At Farm Radio International, climate change is an area of increasing focus in our work. We have run and are running projects related to Nature-based Solutions to climate change, conservation agriculture, and climate and weather information services for farmers.
But it’s not only in our projects that we’re thinking about the environment. As an NGO with offices in eight African countries and headquarters in Canada, our office operations have a significant impact on the planet. To mitigate this, we have established a global Green Team, with a network of environmental focal points working to make positive change in their respective offices. Our Green Team members have taken action related to sustainable commuting, paper use, energy efficiency, tree planting and more.
The theme for Earth Day 2023 is “Invest in our planet.” To secure a positive future for our planet, all sectors of society — including businesses, non-profits, citizens and governments — need to collaborate on changing our practices. Here’s a snapshot of what we’re doing at Farm Radio to tackle the climate crisis.
Planting trees in Ethiopia
Before moving to a new office a year ago, Farm Radio staff in Ethiopia planted trees in their former office compound to increase shade. They planted approximately 50 to 70 trees over the course of three years (2020 to 2022). The tree planting was part of Ethiopia’s Green Legacy Initiative, which aimed to plant 20 billion trees over four years as a solution to climate change and deforestation.
All nine staff members in Ethiopia were involved in the planting. According to Mulu Berhe, a Radio Officer and environmental focal point, the tree canopy changed the compound from sunny to “green and lovely.”
Although the trees are now big, the Ethiopia team isn’t around to enjoy them. Since the new office is on the fourth floor of a building, it’s not possible to plant trees, but staff obtained indoor plants to recreate the effect. There are 12 houseplants inside offices and by the outer gate. All staff members help look after the new plants, particularly the office attendant.
Raising awareness about plastic pollution in Uganda
Solomon Talemwa, a Digital Innovation Officer and environmental focal point, started collecting plastic bags to convince his family to reuse bags from the supermarket. With the help of Radio Craft Officer Brenda Mugwisagye Murangi, he collected plastic bags for almost two years. Plastic waste is a significant issue in Uganda, with over 600 tonnes produced every day. Rules and regulations about plastic are weak in Uganda, and the industry has little incentive to change. Indeed, many companies are owned by members of parliament.
It was only when Solomon read articles on upcycling plastic bags into art that he had a eureka moment. In 2021, he worked with a local artist and childhood friend, Kidasa, to turn the plastic bags into a globe. The pair gathered all the plastic bags inside one larger bag, then used a hot knife to shape them into a globe — a technique used in Africa to make footballs from plastic bags. After applying a layer of papier-mâché, Kidasa painted around the outside of the globe to represent the earth. The completed globe measures approximately 44.5 inches (113 centimetres).

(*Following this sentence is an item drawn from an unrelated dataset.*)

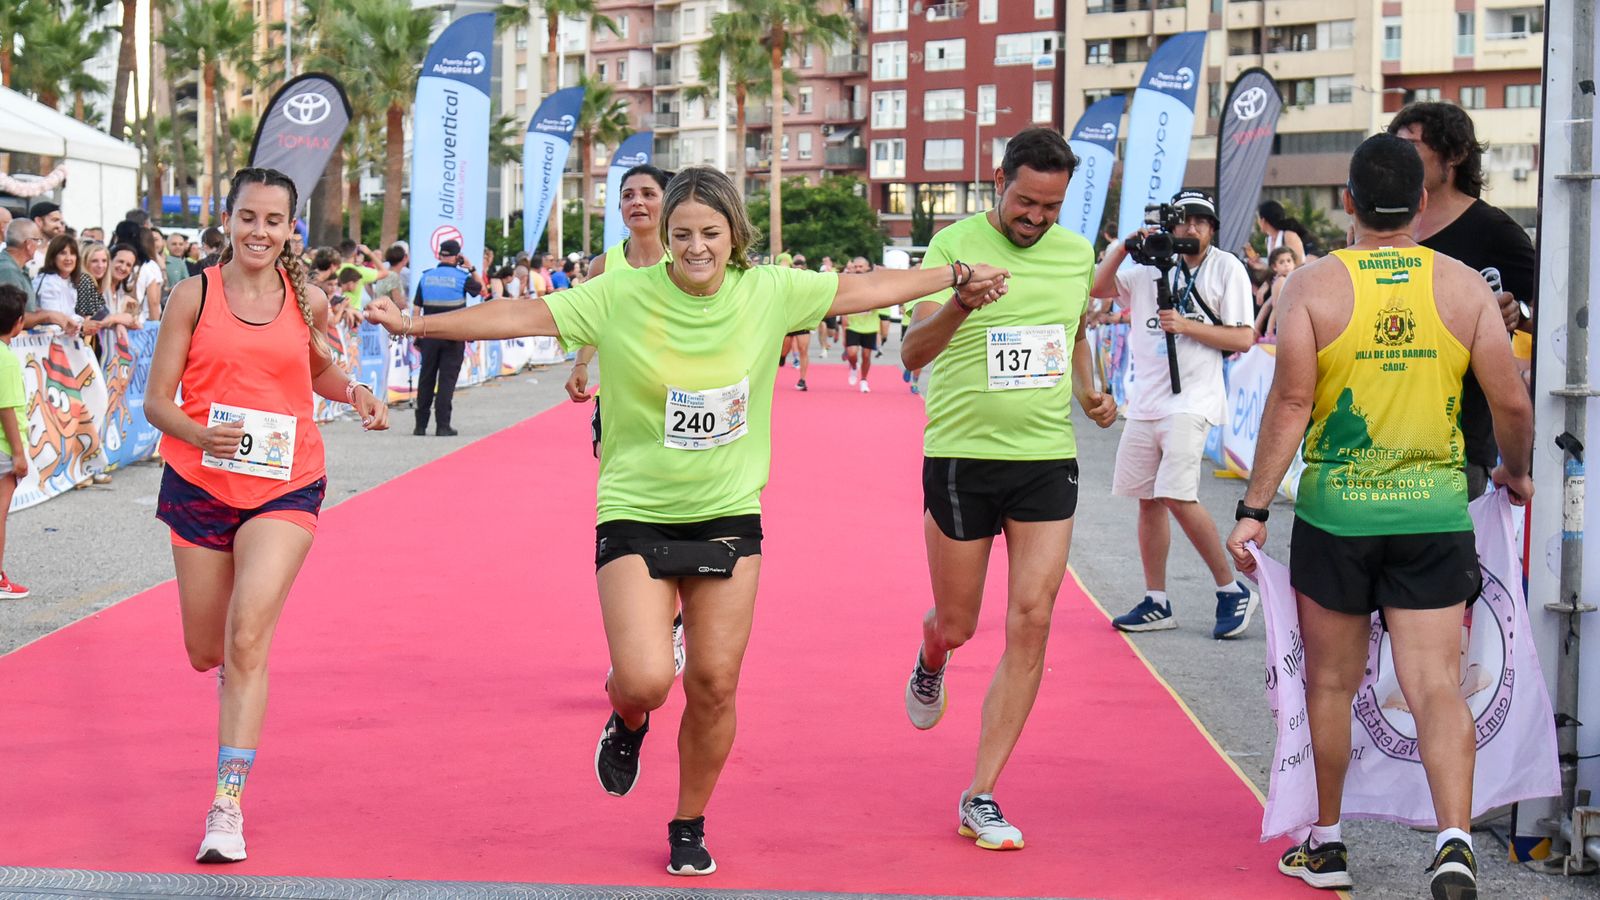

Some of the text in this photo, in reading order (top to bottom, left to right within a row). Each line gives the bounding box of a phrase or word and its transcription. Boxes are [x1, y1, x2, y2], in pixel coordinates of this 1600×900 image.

“Newton's law of inertia states that an object at rest or in motion will stay that way unless acted upon by a net external force or an unbalanced force. The unbalanced force or the conviction for change is what I am striving for not just in my art projects, but in my lifestyle as well as to my fellow Ugandans and office colleagues,” said Solomon.
Working on the globe inspired Solomon to do more art projects involving plastic. Currently, he’s collaborating with a fashion stylist on making clothing from plastic milk cartons.
Improving waste management in Mali
Our Mali office set up a new system for collecting and disposing of solid waste in April 2019. Staff members decided to focus on waste to make the office more tidy, sanitary and environmentally-friendly through reducing litter in their community.
The Mali team established a contract with a Groupement d’Intérêt Economique (GIE — an economic interest group) to transport their waste to a transfer depot and from there to a final depot outside the city. In the Malian capital, Bamako, a GIE is a neighbourhood-based association that works to earn a profit — in this case, through collecting waste door to door. Though the government contracted a Moroccan company called Ozone to manage municipal waste in 2015, GIEs continue to play an integral role. The groups provide employment to local residents, particularly youth, who may separate recyclable items to sell.
The local GIE picks up the office’s waste twice a week. There are 14 bins in our Mali office: in every private office and in the hallways. Staff members have grown accustomed to the new waste collection system and say the office is now tidier.
Besides the new waste collection system, the team has focused on paper use. They typically use two to four pieces of paper per week. The team reuses this paper for other purposes, like articles explaining Farm Radio’s mission.
Protecting our planet this Earth Day — and beyond
Climate change is a global problem that requires global solutions.
While we each experience the effects of and contribute to climate change differently, issues like environmental degradation, plastic pollution and biodiversity loss affect us all. Unfortunately, those in Africa experience disproportionate impacts.
On Earth Day and beyond, we all have a role to play in combating climate change. Whether by “greening” our offices, or through our projects helping rural Africans adapt to and mitigate climate change, climate is a priority for Farm Radio on Earth Day and every day.